== Segment start ==

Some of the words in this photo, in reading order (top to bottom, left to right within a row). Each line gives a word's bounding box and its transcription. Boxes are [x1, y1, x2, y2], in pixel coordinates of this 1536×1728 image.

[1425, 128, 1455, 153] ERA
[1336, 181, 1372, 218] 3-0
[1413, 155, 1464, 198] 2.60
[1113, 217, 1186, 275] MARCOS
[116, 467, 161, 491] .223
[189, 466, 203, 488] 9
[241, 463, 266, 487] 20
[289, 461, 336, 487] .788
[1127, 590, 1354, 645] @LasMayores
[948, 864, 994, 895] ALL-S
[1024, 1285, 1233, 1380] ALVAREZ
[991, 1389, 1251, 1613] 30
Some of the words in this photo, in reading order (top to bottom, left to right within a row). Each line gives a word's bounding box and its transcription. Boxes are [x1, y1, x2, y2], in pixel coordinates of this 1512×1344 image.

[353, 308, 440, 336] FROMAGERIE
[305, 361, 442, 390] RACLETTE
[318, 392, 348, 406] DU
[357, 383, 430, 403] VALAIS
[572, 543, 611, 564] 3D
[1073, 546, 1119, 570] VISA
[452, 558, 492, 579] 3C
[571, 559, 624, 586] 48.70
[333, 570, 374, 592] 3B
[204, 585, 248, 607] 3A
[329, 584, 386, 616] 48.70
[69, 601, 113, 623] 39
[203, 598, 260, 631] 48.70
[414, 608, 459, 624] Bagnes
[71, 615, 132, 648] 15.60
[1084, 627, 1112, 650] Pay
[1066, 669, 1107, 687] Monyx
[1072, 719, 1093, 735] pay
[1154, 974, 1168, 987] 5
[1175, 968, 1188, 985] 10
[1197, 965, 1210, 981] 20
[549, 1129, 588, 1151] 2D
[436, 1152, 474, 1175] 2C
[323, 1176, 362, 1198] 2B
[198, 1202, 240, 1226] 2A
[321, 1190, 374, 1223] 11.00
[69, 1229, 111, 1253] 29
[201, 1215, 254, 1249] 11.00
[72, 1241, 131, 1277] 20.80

== Segment end ==

> [Action item] All of the data should be retyped exactly.

> [Result of this exercise]
Some of the words in this photo, in reading order (top to bottom, left to right within a row). Each line gives a word's bounding box and its transcription. Boxes are [x1, y1, x2, y2], in pixel coordinates of this 1536×1728 image.

[1425, 128, 1455, 153] ERA
[1336, 181, 1372, 218] 3-0
[1413, 155, 1464, 198] 2.60
[1113, 217, 1186, 275] MARCOS
[116, 467, 161, 491] .223
[189, 466, 203, 488] 9
[241, 463, 266, 487] 20
[289, 461, 336, 487] .788
[1127, 590, 1354, 645] @LasMayores
[948, 864, 994, 895] ALL-S
[1024, 1285, 1233, 1380] ALVAREZ
[991, 1389, 1251, 1613] 30
Some of the words in this photo, in reading order (top to bottom, left to right within a row). Each line gives a word's bounding box and its transcription. Boxes are [x1, y1, x2, y2], in pixel coordinates of this 1512×1344 image.

[353, 308, 440, 336] FROMAGERIE
[305, 361, 442, 390] RACLETTE
[318, 392, 348, 406] DU
[357, 383, 430, 403] VALAIS
[572, 543, 611, 564] 3D
[1073, 546, 1119, 570] VISA
[452, 558, 492, 579] 3C
[571, 559, 624, 586] 48.70
[333, 570, 374, 592] 3B
[204, 585, 248, 607] 3A
[329, 584, 386, 616] 48.70
[69, 601, 113, 623] 39
[203, 598, 260, 631] 48.70
[414, 608, 459, 624] Bagnes
[71, 615, 132, 648] 15.60
[1084, 627, 1112, 650] Pay
[1066, 669, 1107, 687] Monyx
[1072, 719, 1093, 735] pay
[1154, 974, 1168, 987] 5
[1175, 968, 1188, 985] 10
[1197, 965, 1210, 981] 20
[549, 1129, 588, 1151] 2D
[436, 1152, 474, 1175] 2C
[323, 1176, 362, 1198] 2B
[198, 1202, 240, 1226] 2A
[321, 1190, 374, 1223] 11.00
[69, 1229, 111, 1253] 29
[201, 1215, 254, 1249] 11.00
[72, 1241, 131, 1277] 20.80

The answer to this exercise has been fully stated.